PreAmble


In Edgar Allen Beem’s story “Zeroing In,” you’ll learn that Bates students are helping Bates conduct its inventory of greenhouse-gas emissions. While working on the story, Beem told me he liked how Bates leaders established a direction and then let students be “vitally involved in carrying out the work.”

Not much has changed over the years. When David Braslau ’84 came to Bates, his first campus job was to organize a disheveled mass of building plans and blueprints for plant engineer Phil Meldrum. But the grunt work didn’t last long.

At the time, Bates was reeling from a surge in energy costs. And while Braslau didn’t arrive with a passion for conservation, he and other students quickly got religion when the Bates fee zoomed from $7,500 in his first year to $9,000 the next. “There was a lot of pressure on the College to control costs,” he recalls. “And people recognized this was an issue you could do something about.”

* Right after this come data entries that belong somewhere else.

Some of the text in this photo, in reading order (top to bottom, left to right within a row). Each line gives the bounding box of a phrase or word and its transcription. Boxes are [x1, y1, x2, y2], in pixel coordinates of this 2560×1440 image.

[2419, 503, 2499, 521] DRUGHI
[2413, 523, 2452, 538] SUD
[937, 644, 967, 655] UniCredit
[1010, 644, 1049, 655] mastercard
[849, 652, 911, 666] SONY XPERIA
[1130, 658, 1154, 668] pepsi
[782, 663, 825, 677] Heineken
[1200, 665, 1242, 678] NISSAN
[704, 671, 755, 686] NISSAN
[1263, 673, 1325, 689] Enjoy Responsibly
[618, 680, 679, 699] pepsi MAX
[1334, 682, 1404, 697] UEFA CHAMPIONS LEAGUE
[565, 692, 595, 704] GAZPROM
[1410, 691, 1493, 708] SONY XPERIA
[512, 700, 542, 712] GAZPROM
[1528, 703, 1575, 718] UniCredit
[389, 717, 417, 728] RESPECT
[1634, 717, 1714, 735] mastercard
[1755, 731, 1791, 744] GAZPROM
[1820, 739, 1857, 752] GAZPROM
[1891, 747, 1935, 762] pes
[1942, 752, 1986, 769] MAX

In fact, a student-faculty group was already pushing energy conservation by the late ’70s; the initiative drew strong institutional support since, as we all know, Bates gets steamed by overpaying for anything. Various conservation efforts included a telephone “Cold Line” letting people report energy issues, from leaking sink stoppers in John Bertram to no hot water in Smith South (caused by too-long showers, the College found).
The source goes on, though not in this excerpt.